Each record below is to be copied exactly; the pictures are to be omitted.

Saved data entries
╭──

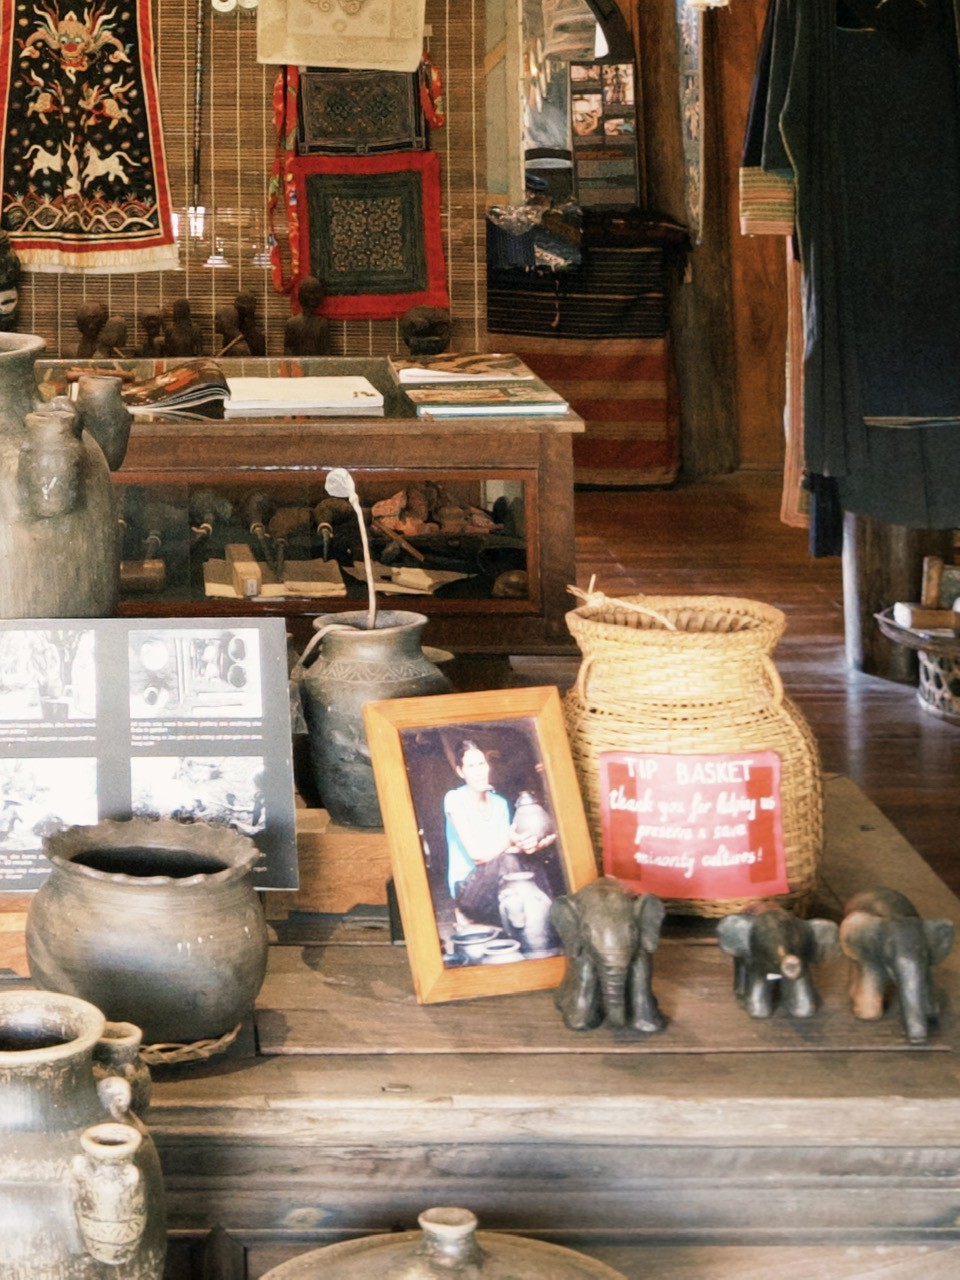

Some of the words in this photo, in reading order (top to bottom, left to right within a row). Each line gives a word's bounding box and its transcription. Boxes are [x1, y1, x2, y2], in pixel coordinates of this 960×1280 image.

[623, 756, 658, 780] TIP
[675, 759, 754, 785] BASKET
[658, 801, 685, 822] you
[688, 791, 712, 823] for
[716, 791, 756, 821] helping
[760, 796, 776, 810] us
[634, 824, 693, 845] preserve
[713, 823, 747, 839] save
[634, 851, 695, 879] minority
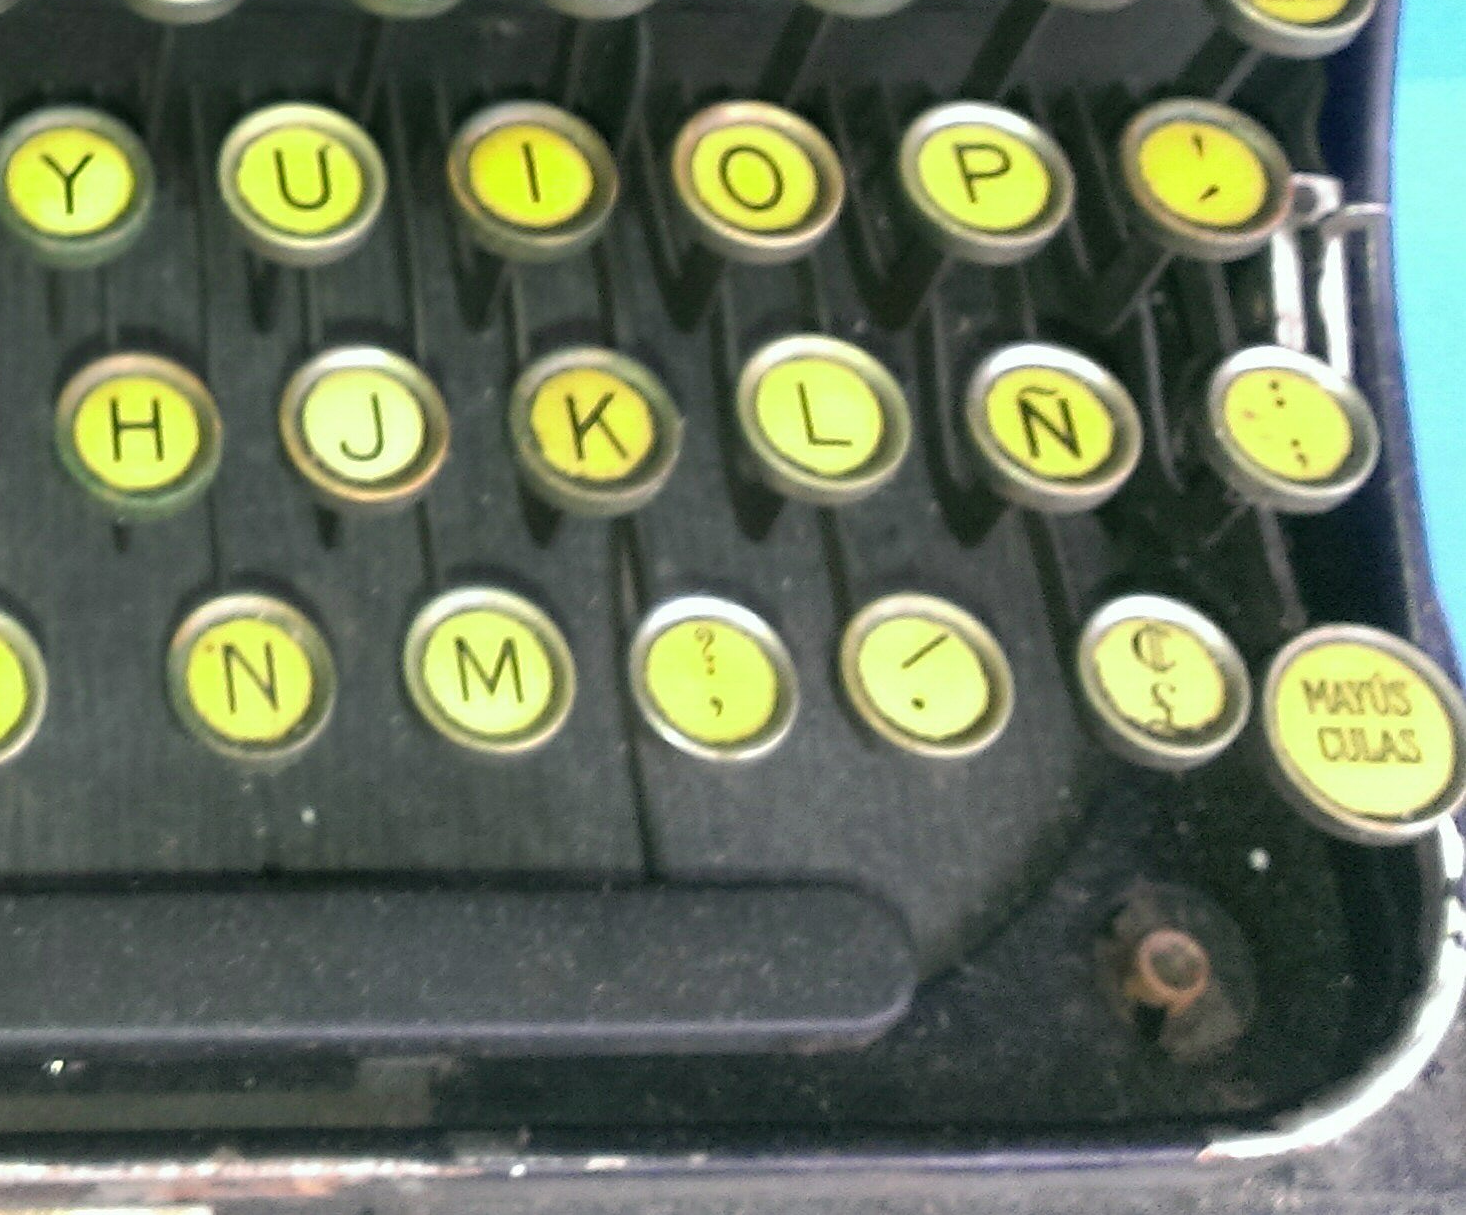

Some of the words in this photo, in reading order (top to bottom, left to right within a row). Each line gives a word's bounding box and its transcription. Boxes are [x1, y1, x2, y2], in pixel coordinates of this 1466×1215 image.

[40, 152, 95, 215] Y
[274, 141, 334, 210] U
[719, 144, 784, 211] O
[954, 142, 1012, 204] P
[108, 396, 165, 462] H
[339, 391, 384, 462] J
[564, 391, 630, 463] K
[797, 381, 854, 448] L
[1015, 385, 1083, 460] Ñ
[221, 639, 280, 715] N
[453, 635, 526, 704] M
[1317, 727, 1422, 765] CULAS
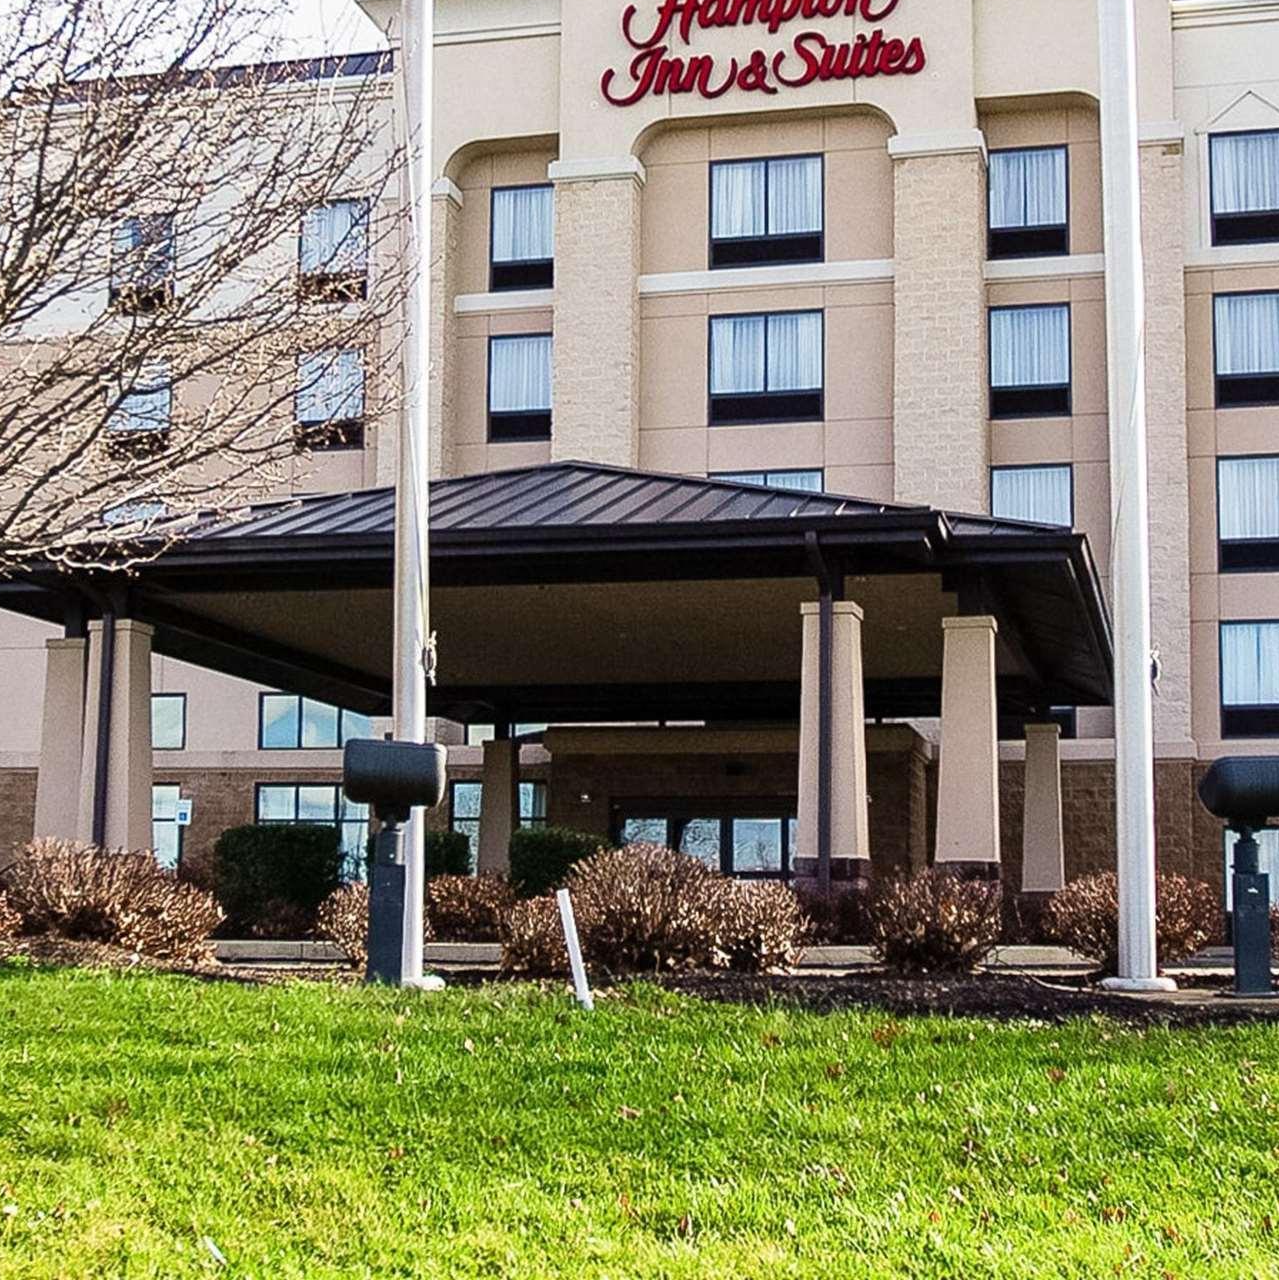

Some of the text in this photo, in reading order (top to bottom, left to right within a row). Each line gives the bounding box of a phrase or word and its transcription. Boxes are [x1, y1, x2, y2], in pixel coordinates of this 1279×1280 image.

╰──

Written answer
Some of the words in this photo, in reading order (top to bottom, left to right within a row). Each line gives a word's bounding box and its transcription. Boxes are [x1, y1, x2, y2], in pixel coordinates of this 960×1280 image.

[623, 756, 658, 780] TIP
[675, 759, 754, 785] BASKET
[658, 801, 685, 822] you
[688, 791, 712, 823] for
[716, 791, 756, 821] helping
[760, 796, 776, 810] us
[634, 824, 693, 845] preserve
[713, 823, 747, 839] save
[634, 851, 695, 879] minority

Some of the words in this photo, in reading order (top to bottom, left to right within a row). Each line gives a word's bounding box and its transcription. Boxes are [x1, y1, x2, y2], in pixel coordinates of this 1466×1215 image.

[40, 152, 95, 215] Y
[274, 141, 334, 210] U
[719, 144, 784, 211] O
[954, 142, 1012, 204] P
[108, 396, 165, 462] H
[339, 391, 384, 462] J
[564, 391, 630, 463] K
[797, 381, 854, 448] L
[1015, 385, 1083, 460] Ñ
[221, 639, 280, 715] N
[453, 635, 526, 704] M
[1317, 727, 1422, 765] CULAS

Some of the text in this photo, in reading order (top to bottom, left to right within a row). Each line gives the bounding box of a phrase or word and its transcription. Boxes are [x1, y1, x2, y2], in pixel coordinates of this 1279×1280 image.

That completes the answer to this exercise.